Lancé dans le concept store Colette, le premier volume attire le petit monde parisien qui érige le duo en spécialiste de la Gen Z. Les propositions abondent, avec une injonction redondante : s’exposer.
“On a lutté contre tout cela, les éditeurs voulaient mettre nos visages partout. On nous a proposé de faire la télé. Ce n’était pas notre objectif”, glisse Anna. Malgré leur jeune âge, elles ne succombent pas à l’appel des projecteurs et continuent à porter le projet de manière autonome, alimenté par des activités de consulting. “Il ne faut pas se mentir : cela nous a ouvert des portes pour bosser et financer le projet”, glisse Raphaëlle. Pourtant l’aventure ne se fait pas sans questionnement : “Il y a des moments de petites crises. Tu te demandes : est-ce que je peux faire ça toute ma vie, boire des cafés avec des jeunes, les accompagner, les exposer ? Est-ce que c’est mon rêve ou celui des autres ? De la presse ? Qu’en pensent mes parents ?”
Une vocation
Pourtant, leur amitié ne cesse de se consolider et le projet de s’éclaircir, enrichi par des moments de pause consacrés à des projets personnels : Anna entame des études en philosophie tandis que Rafaëlle se forme en création de mode auprès de Marie-France Cohen (Bonpoint, Merci). Intègres, la tête sur les épaules, elles dévoilent en 2019 le deuxième volume de Kidz. Plus épais, il regroupe musiciens, influenceur·euses virtuel, peintres, photographes, maquilleur·euses venant des quatre coins du monde.
“On grandit en même temps que le projet. On a pris notre temps pour faire le second. On refusait de tomber dans le piège d’un livre par an. Rencontrer les artistes, discuter, les aider à formuler leur envie : cela demande de la patience. On ne peut pas leur imposer un timing trop court. C’est contre-productif”, explique Raphaëlle.
En charge de l’ensemble de la production du livre, le duo de curatrices s’occupe également de la mise en page et de la distribution. Elles font mille choses. “Pendant longtemps on osait à peine se dire curatrices.

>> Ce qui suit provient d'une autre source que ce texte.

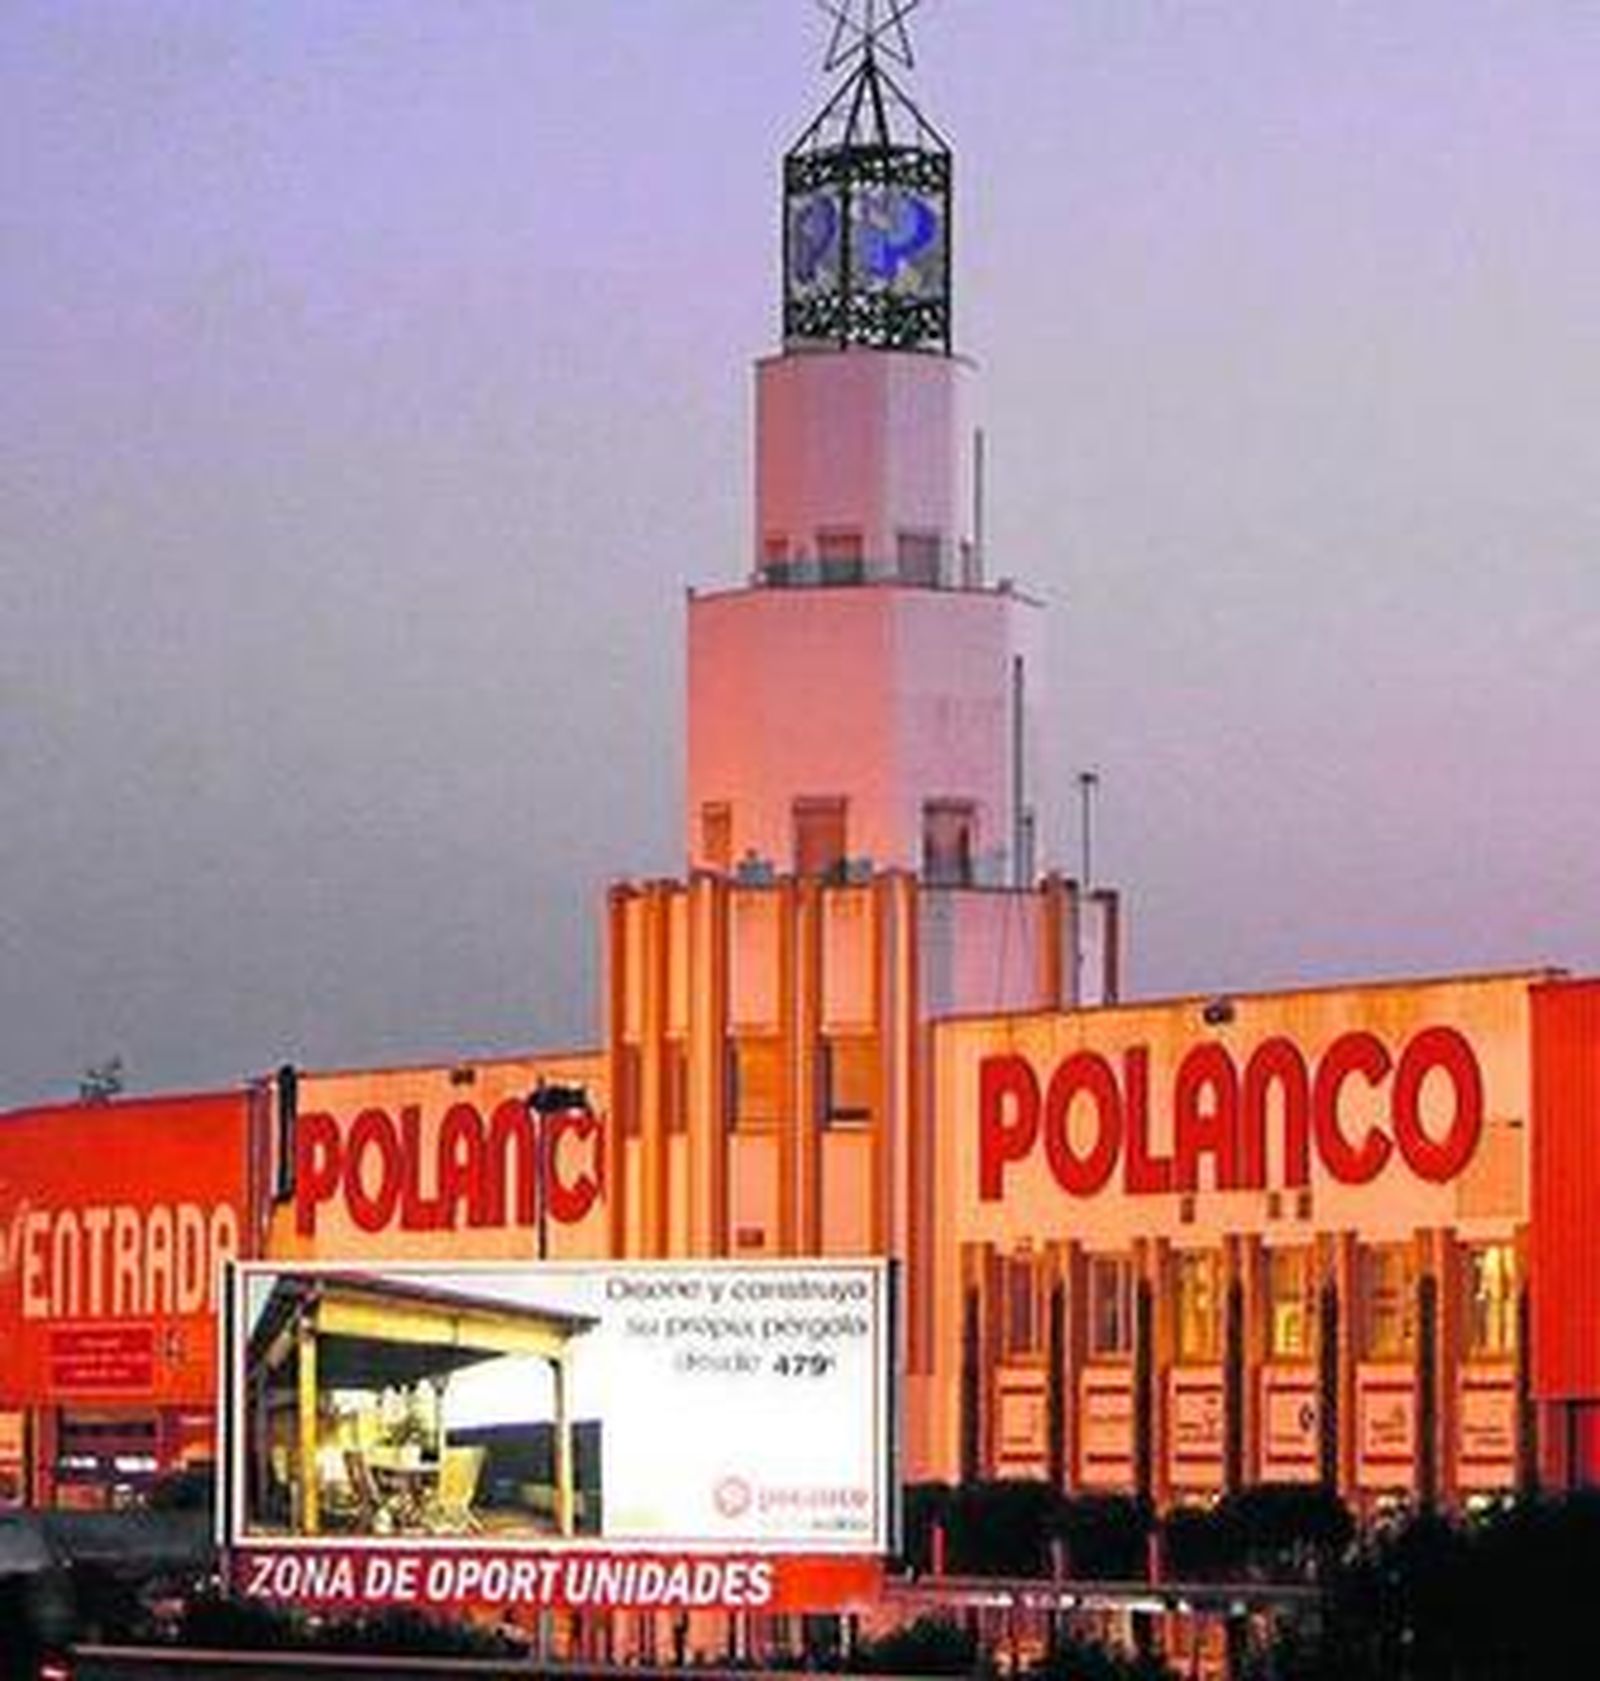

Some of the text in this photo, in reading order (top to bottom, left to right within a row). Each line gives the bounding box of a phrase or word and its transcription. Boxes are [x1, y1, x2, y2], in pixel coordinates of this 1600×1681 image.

[856, 196, 937, 280] P
[296, 1099, 606, 1236] POLANC
[978, 1026, 1483, 1201] POLANCO
[23, 1204, 237, 1318] ENTRADA
[248, 1557, 351, 1598] ZONA
[366, 1560, 419, 1597] DE
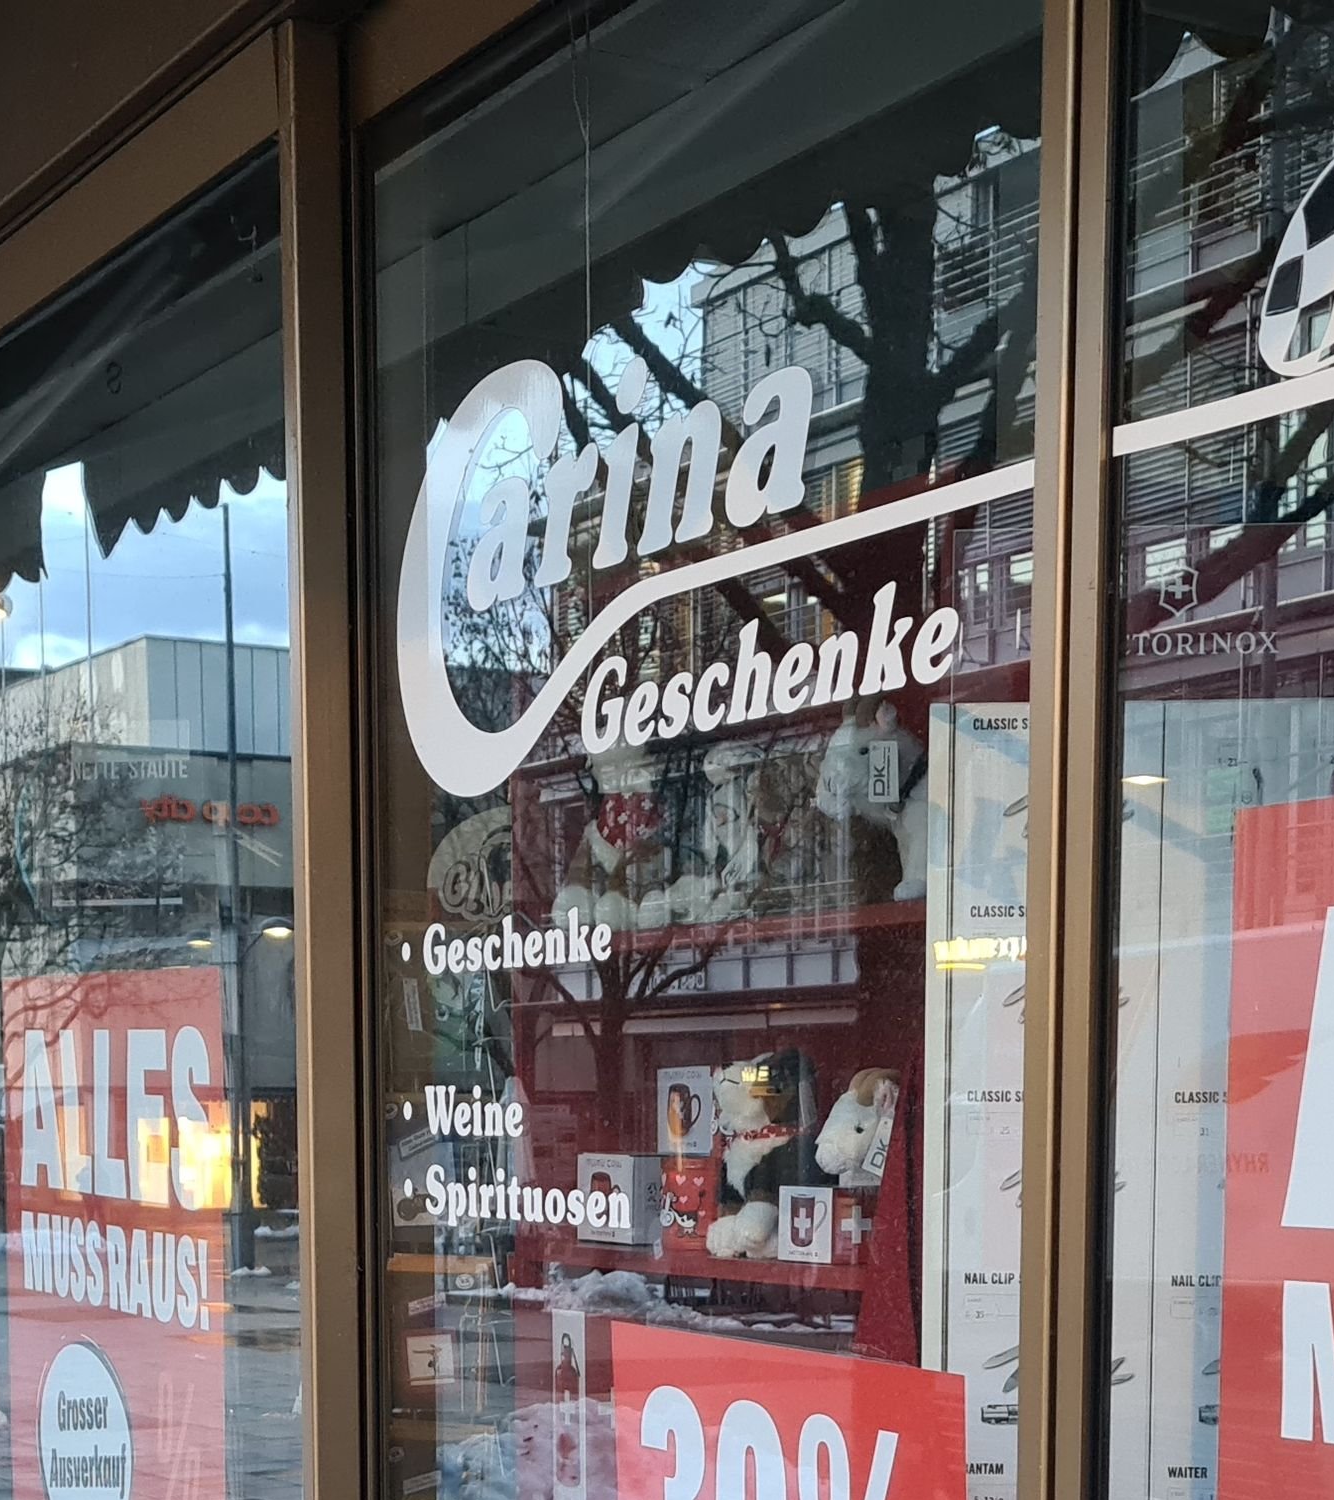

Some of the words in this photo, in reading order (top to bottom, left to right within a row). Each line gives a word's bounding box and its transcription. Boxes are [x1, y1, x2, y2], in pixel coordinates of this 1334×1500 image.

[397, 357, 813, 797] Carina
[1127, 631, 1279, 657] TORINOX
[581, 581, 960, 754] Geschenke
[973, 718, 1019, 730] CLASSIC
[873, 765, 885, 797] DK
[970, 905, 1015, 918] CLASSIC
[423, 906, 612, 976] Geschenke
[425, 1086, 523, 1138] Weine
[967, 1090, 1012, 1103] CLASSIC
[1175, 1091, 1219, 1104] CLASSIC
[21, 1025, 210, 1211] ALLES
[425, 1164, 632, 1230] Spirituosen
[21, 1211, 103, 1307] MUSS
[107, 1228, 209, 1330] RAUS!
[964, 1273, 988, 1285] NAIL
[991, 1273, 1015, 1285] CLIP
[1171, 1275, 1195, 1288] NAIL
[57, 1391, 108, 1431] Grosser
[50, 1444, 127, 1500] Ausverkauf
[1168, 1467, 1208, 1479] WAITER

Mais on est peut-être chefs d’orchestre à notre manière”, conclut Raphaëlle.
Forever young?
Sans cesse, elles sont accompagnées par l’irréductible quête de la trouvaille. Addicts, elles questionnent leur entourage, les nouvelles connaissances et fouillent Instagram en quête d’un·e DJ, d’un·e céramiste, d’un·e journaliste méconnu·e ou d’un·e photographe invisible. Au fil du temps, elles ont élaboré un processus rodé.

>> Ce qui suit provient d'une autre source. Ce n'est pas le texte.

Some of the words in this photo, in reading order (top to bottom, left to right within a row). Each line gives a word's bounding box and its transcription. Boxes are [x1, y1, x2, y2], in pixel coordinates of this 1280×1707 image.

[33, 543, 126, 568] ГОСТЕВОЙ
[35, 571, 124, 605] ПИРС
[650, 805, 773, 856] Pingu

“On passe en revue les abonnements de nos Kids en se focalisant sur des villes dont les scènes sont encore peu décrites, comme Tokyo ou Dakar. On comprend en quelques heures ce qui s’y passe, ce qui est déjà là depuis cinq ans ou complètement underground”, explique Anna. Pourtant, elles sont conscientes des angles morts et des œillères algorithmiques des réseaux. “C’est terrible parce qu’il y a des endroits qui sont opaques comme la Chine. De plus, dans les capitales occidentales, les gens de la mode et de l’art partagent des esthétiques et des codes communs. Ils sont faciles à trouver”, ajoute Raphaëlle.

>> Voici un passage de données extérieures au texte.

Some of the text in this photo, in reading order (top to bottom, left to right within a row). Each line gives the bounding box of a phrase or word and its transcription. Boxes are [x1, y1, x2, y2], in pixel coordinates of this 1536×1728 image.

En cinq ans, elles ont également constaté des évolutions chez les membres de la fameuse Gen Z. Anna insiste, il faut déconstruire les clichés : “Loin d’être individualistes, iels sont mené·es par une quête de collectivité. Il y a aussi une recherche d’ésotérisme dans un monde occidental où les anciennes structures religieuses ne sont plus des institutions. La politique devient parfois cette nouvelle croyance dans laquelle iels s’investissent corps et âme. On remarque aussi que le Covid-19 a été propice à des introspections, notamment concernant la question des racines.” Ainsi, le travail avec les jeunes n’est jamais le même, et celui d’Anna et Raphaëlle non plus. La suite ? Former la relève et s’associer à des recrues plus jeunes, pour que leur regard soit constamment remis en question.
“Tout est très subjectif. Et on rate des choses, il ne faut pas se mentir. On a hâte de rencontrer des gens plus jeunes qui ont envie de faire ce qu’on fait. C’est à notre tour de donner les clés”, concluent-elles à tout juste 24 ans, pleines de lucidité.